- [THE TASK]:
State the count of lines below featuring the word "phrase", and write nothing further.

- [DATA]:
......
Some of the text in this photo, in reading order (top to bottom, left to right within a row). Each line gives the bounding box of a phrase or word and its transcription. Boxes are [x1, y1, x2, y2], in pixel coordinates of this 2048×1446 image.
......
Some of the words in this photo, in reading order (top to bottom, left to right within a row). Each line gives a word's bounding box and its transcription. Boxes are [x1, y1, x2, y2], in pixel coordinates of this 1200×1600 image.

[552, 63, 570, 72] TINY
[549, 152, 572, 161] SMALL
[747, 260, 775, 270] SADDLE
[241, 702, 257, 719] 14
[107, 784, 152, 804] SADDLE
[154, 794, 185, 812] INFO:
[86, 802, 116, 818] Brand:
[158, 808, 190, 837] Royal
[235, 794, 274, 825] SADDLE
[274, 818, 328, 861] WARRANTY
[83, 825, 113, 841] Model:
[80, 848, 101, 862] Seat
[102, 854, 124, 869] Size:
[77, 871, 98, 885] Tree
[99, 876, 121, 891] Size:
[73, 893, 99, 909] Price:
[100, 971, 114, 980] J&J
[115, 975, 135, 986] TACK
......
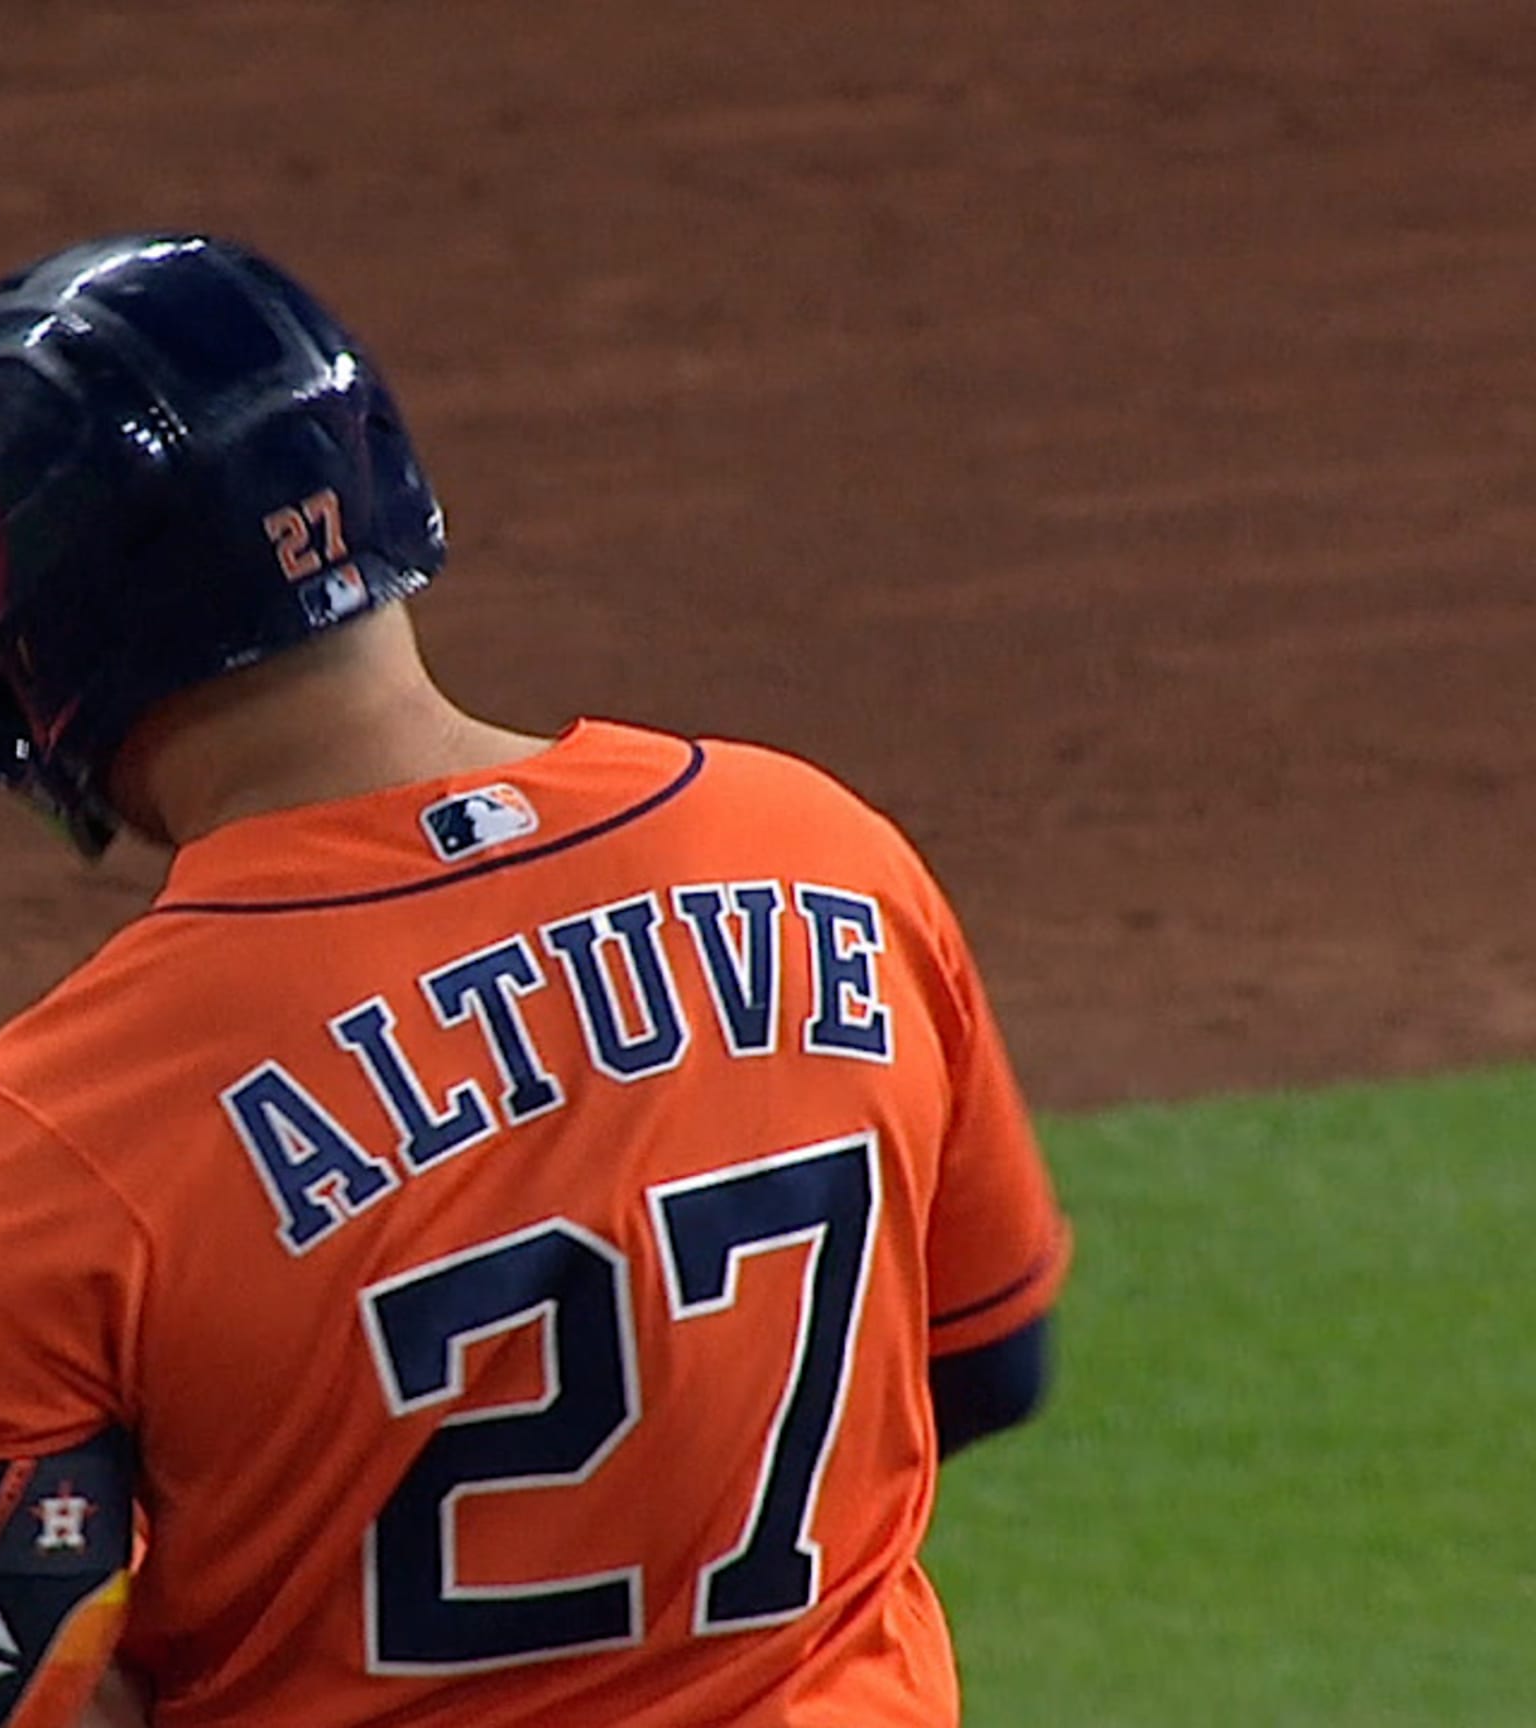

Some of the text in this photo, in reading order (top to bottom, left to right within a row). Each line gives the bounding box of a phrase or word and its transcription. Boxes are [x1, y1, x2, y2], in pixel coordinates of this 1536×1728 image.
......
- [WRITTEN RESPONSE]:
2